In principle, the hybrid system offers fertile ground for further plan adaption in prostate carcinoma patients based on mpMRT findings such as ADC values since it offers daily MR-guided plan adaptations. Treatment individualization and plan adaptation under RT are a focus of research in other tumor entities as well.^7,19,20 Longitudinal diffusion MRI on a 0.35 T hybrid system was already performed in small series for several other tumor entities with promising results (Yang et al.: three head and neck cancer patients and three sarcoma patients²¹; Shaverdian et al.: three rectal cancer patients²²). On the 1.5 T MRL, Lawrence et al. report a high ADC repeatability and comparability to a diagnostic 1.5 T scanner for 59 patients with central nervous system tumors.²³ Habrich et al. used a test-retest approach on 11 patients with head and cancers and showed to a high repeatability of ADC measurements on the 1.5 T MRL.²⁴ In the context of prostate carcinoma, Habrich et al. also examined intravoxel incoherent motion (IVIM) and dynamic contrast enhanced (DCE) MRI changes over the course of a moderately hypofractionated RT in 20 patients, also indicating that longitudinal measurements of functional imaging parameters is feasible and could be used for response assessment in the future.²⁵

However, concerning intraprostatic tumor lesions, the verification of longitudinal stability of ADC measurements on an MRL as performed in this study in a comparison to a latest generation 3 T diagnostic scanner has to the best of our knowledge not been performed yet.

In a previous study, we tested the clinical applicability based on qualitative and quantitative parameters of prostate MR images on an MRL against a MRI_3T at one point of time prior to starting RT. We were able to show a promising and comparable result of T2 weighted image quality, and lesion conspicuity and we reported comparable lesion ADC measurements between MRL and MRI_3T.⁸

With the current work, we demonstrate longitudinal comparability and reliability between the two system during RT. This represents a necessary basis for future analyses of lesion changes over time on the MRL and confirms its potential for individualized treatment adaptations such as dose painting²⁶ and response assessment during treatment.

This study has limitations. Firstly, the small sample size of patients who underwent multiple prostate imaging at both devices and the fact that only one time-point during radiotherapy was used for analysis. Multiple time-points during the course of radiotherapy should be analyzed to further validate the stability and comparability of ADC measurements. However, logistic challenges hindered further validation with an MRI_3T at more than one time point. Secondly, treatment regimens differed in this population (either 20 × 3 Gy oder 39 × 2 Gy, additional neoadjuvant ADT in 3 patients). Thirdly, the DWI acquisition parameters did not fully conform to the published recommendations of the MR-linac consortium, which were published after we had already included the patients in our study and predefinded the technical aspects of the utilized sequences.²⁷

Nonetheless, this study depticts the reality and the challenges of clinical routine and its preliminary findings could be considered novel. Indeed, further prospective studies examining mpMRI data under RT and correlating those with clinical endpoints are desirable to advance individualized radiation treatment.

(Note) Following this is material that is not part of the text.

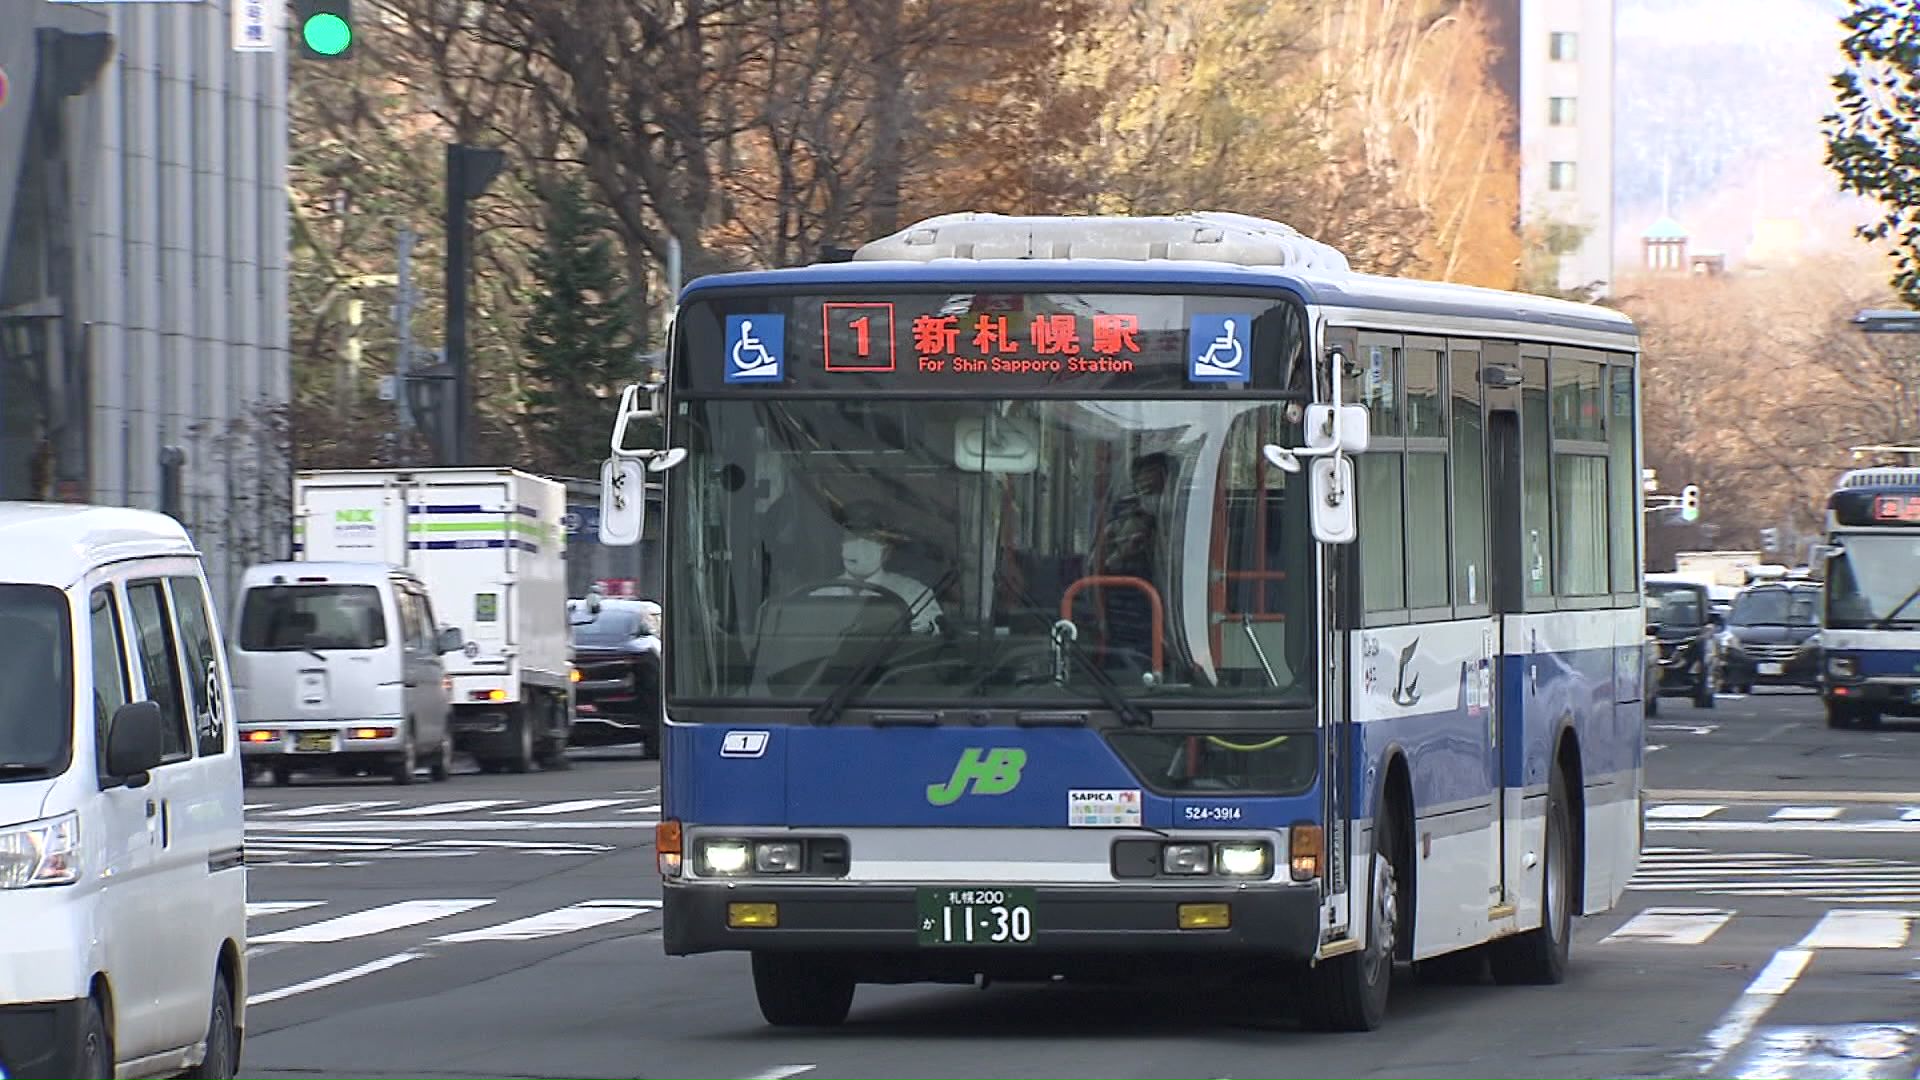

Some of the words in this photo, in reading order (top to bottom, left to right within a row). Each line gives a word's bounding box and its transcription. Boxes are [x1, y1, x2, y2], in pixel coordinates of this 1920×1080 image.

In conclusion, lesion ADC as measured on MRL increased significantly during radiotherapy and lesion ADC measurements on both systems showed similar dynamics. These preliminary findings are promising but need large-scale validation. Once validated, lesion ADC on MRL might be used as a biomarker for real-time assessment of tumor response in patients with prostate cancer undergoing MR-guided radiation therapy.